At the Fork

A while back, I was contacted by some folks asking if I would agree to be interviewed for a new documentary about livestock production and animal welfare.  I was a bit skeptical and discussion with some of the producers didn't allay my concerns.  I wondered: was I being set up to be the stooge in a Daily Show type interview?  Would my words be taken out of context? There is certainly precedent for these sorts of shenanigans in documentaries, even by well known journalists.  Probably the only thing that kept me talking was the knowledge that the documentary was being made by John Papola, who along with Russ Roberts created the popular Keynes-Hayek rap videos.  

Long story short, I ultimately agreed to be interviewed, and about 10 seconds of my four hour interview can now be seen on screens across the country.  The resulting documentary, At the Fork, was even shown in theaters in Oklahoma  City and Tulsa a week or so ago.

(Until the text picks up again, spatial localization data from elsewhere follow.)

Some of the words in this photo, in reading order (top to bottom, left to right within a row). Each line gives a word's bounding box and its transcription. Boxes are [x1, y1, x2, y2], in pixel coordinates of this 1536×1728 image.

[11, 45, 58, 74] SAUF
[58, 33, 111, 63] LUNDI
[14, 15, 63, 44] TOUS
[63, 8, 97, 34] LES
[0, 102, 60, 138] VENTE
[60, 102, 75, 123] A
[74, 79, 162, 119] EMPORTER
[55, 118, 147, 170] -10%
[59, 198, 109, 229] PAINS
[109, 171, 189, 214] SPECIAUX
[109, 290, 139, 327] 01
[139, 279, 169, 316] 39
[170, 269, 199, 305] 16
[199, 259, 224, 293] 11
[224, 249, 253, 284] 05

I suspect some of my friends in the livestock industries will find things not to like about the film.  This piece in the National Hog Farmer, for example, questions why some large-scale commercial hog farmers agreed to be interviewed and bristles that the film was financially supported by HSUS and urges viewers at the end to eat less meat.  For my part, I wish more of the questions I was asked about the economics of livestock production and animal welfare made the film - most of the snippets of me contained brief explanations of different production systems.  

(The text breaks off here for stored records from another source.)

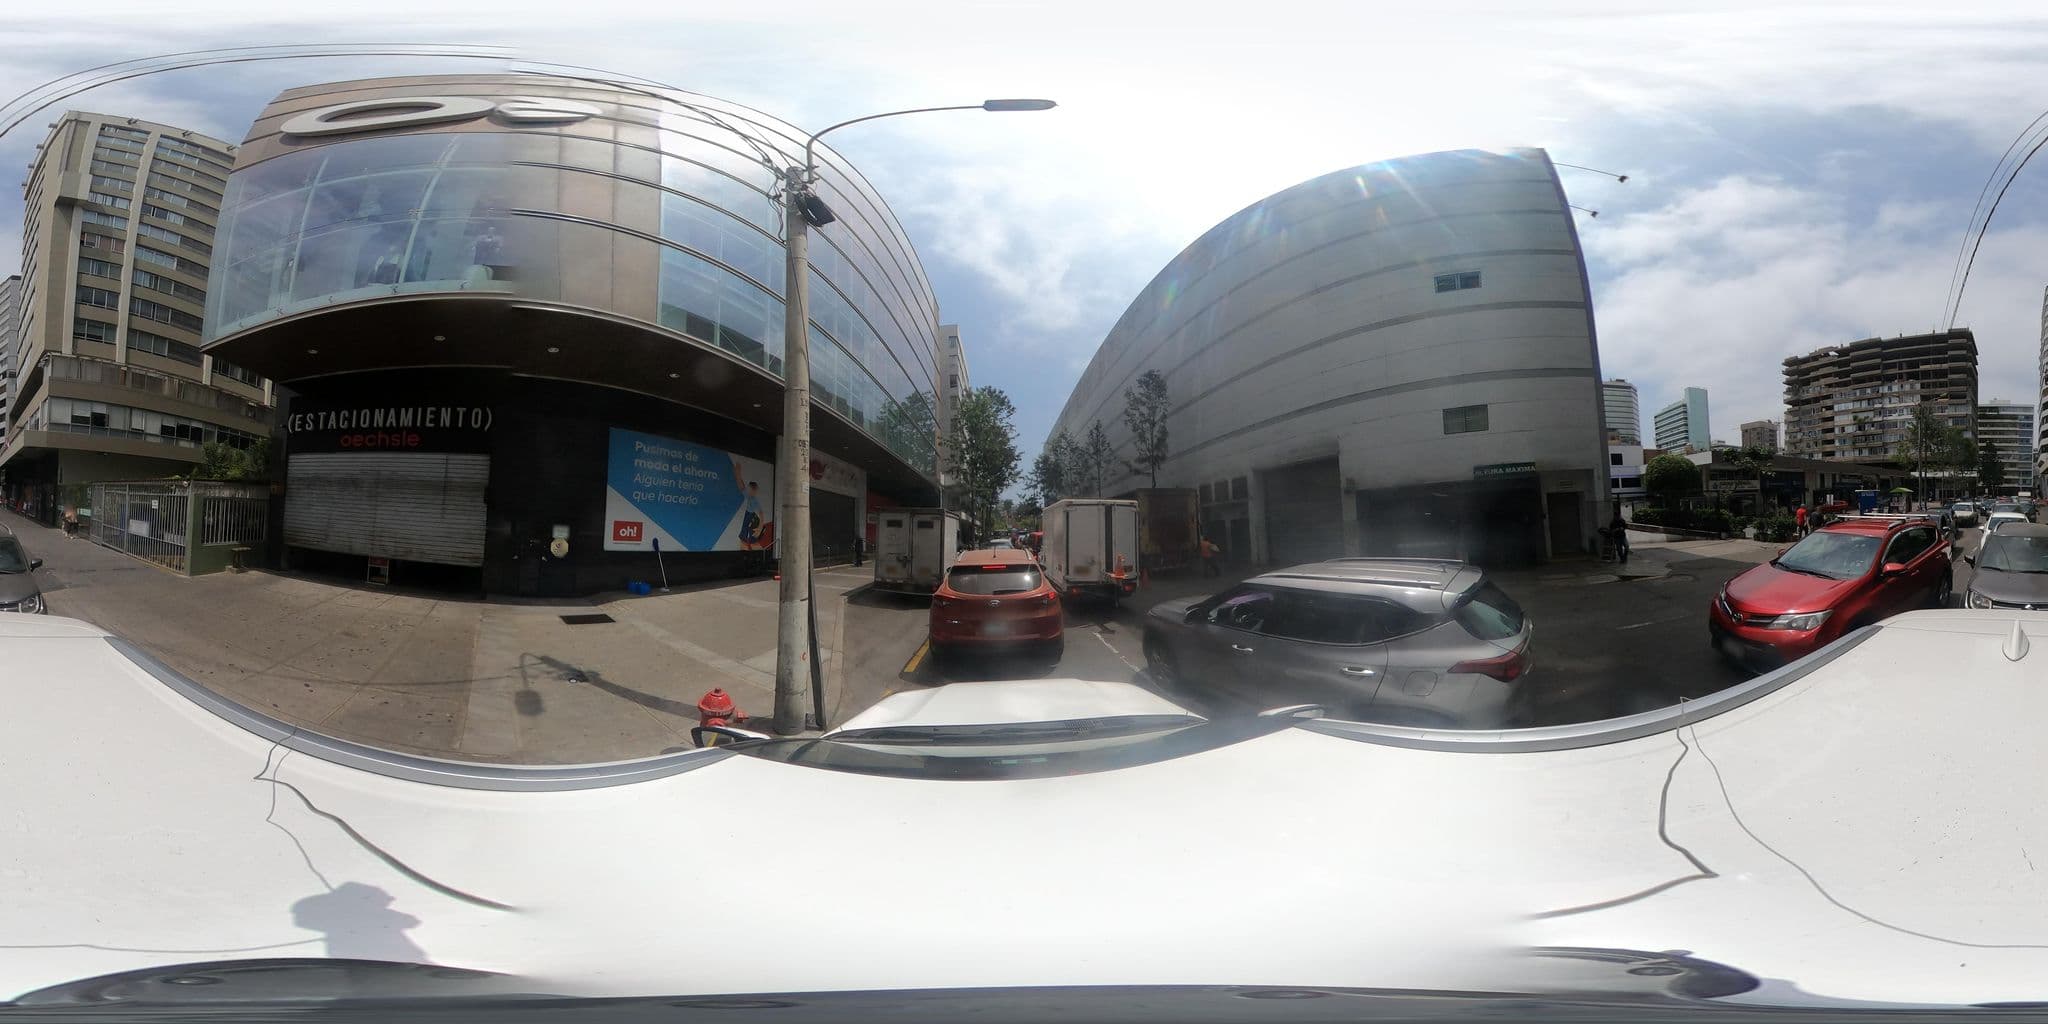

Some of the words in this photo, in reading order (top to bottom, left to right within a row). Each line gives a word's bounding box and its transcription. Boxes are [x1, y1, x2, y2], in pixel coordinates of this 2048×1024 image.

[288, 407, 493, 433] (ESTACIONAMIENTO)
[340, 431, 421, 447] oechsle
[685, 450, 698, 462] de
[634, 457, 669, 472] moda
[672, 463, 682, 473] el
[634, 473, 675, 488] Alguien
[633, 490, 655, 503] que
[620, 526, 637, 537] oh!
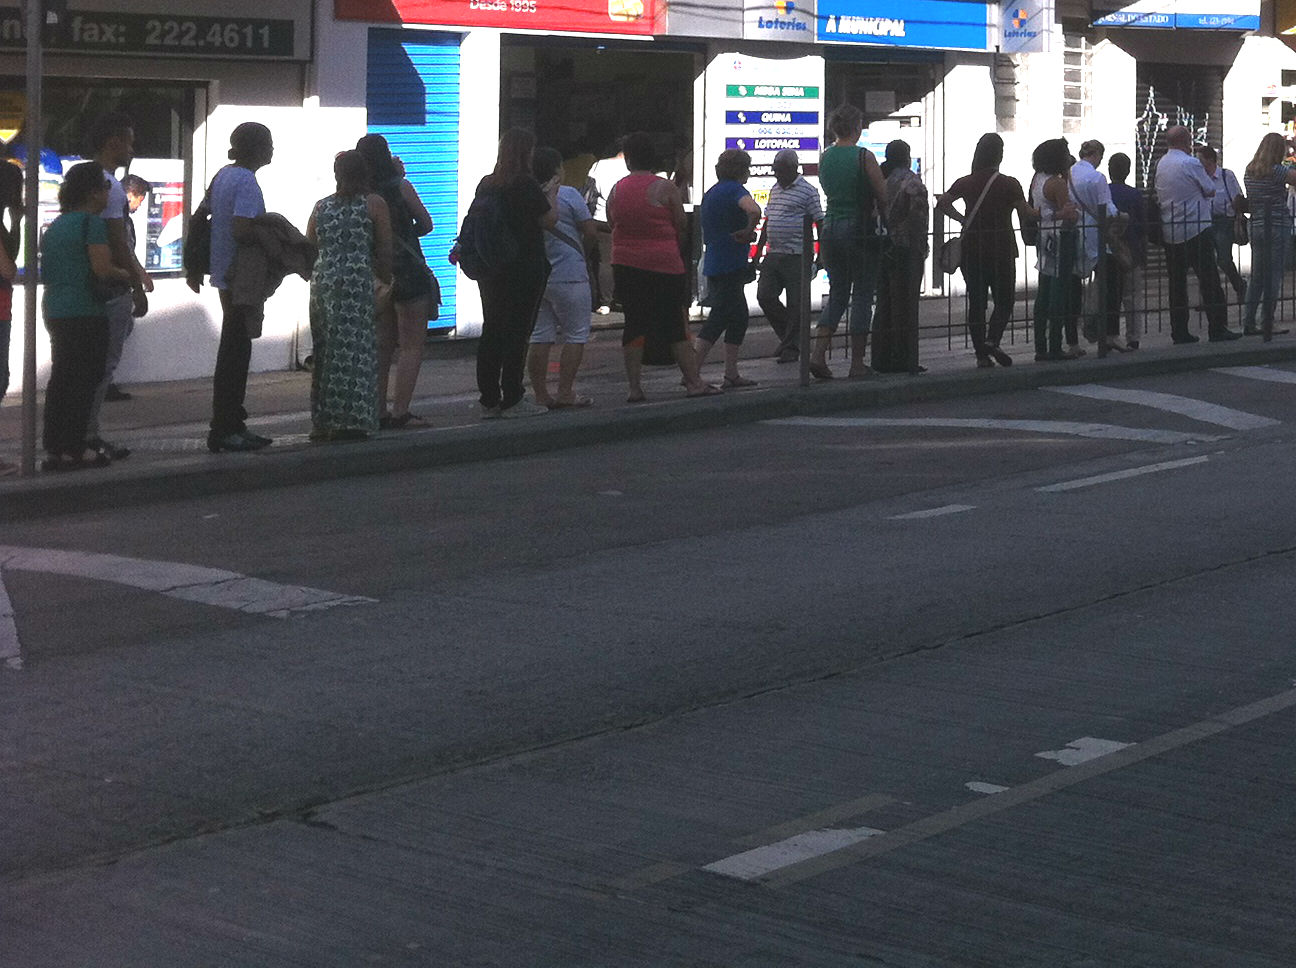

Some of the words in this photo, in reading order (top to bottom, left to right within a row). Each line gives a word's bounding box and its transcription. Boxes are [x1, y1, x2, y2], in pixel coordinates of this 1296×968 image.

[71, 16, 126, 44] fax:
[145, 19, 271, 48] 222.4611
[761, 112, 792, 123] QUINA

But, when it's all said and done, I think Papola did an admirable job trying to get an objective an honest picture of modern animal agriculture.  As I encouraged the producers to do, they actually went and talked to large-scale hog and poultry producers, asked why they did things the way they did, listened, and didn't put them in dim lighting with ominous music.  In fact, the only group who looked like they had something to hide is one large feedlot who wouldn't let the filmmakers on the property.  From my perspective, the only way to counter the argument that no one would eat meat if slaughterhouses and production facilities had glass walls, is to directly challenge the premise and be more transparent.   

Sure, the filmmakers didn't hit every nuance and industry talking point about gestation and farrowing crates or about improved resource use and carbon impacts, but this is not an industry film.  Imagine walking up to a stranger on the streets of New York City, Chicago, or Los Angeles and saying: "what do you think about modern livestock agriculture?"  or "here's a camera, go make a film about farm animal welfare in America."  What do you think you'd get?  From the livestock industry's perspective, I'd say they got about the best they could hope for in At the Fork.  

One other positive note.  So many food and agricultural documentaries are filled with anti-market, anti-capitalist undertones (or in many cases overtones).  Papola is a libertarian and you won't find that sort of sentiment in the film.  His is a market-based message: he's going to try to convince you to buy different types of animal products.  I spent a lot of time talking with him about whether government policies were to blame for consolidation in the food sector in general and large confinement operations in animal agriculture in particular.  By and large, I told him I didn't think there was good evidence for that line of argument.  I argued that it was predominately market forces driving these outcomes (none of this made the film).  I'm sure he could have found someone else to say otherwise to fuel a particular narrative, but he didn't and I take that as a sign that he was truly trying to learn and not just push an agenda.  

Enough of my thoughts.  Watch the film and decide for yourself.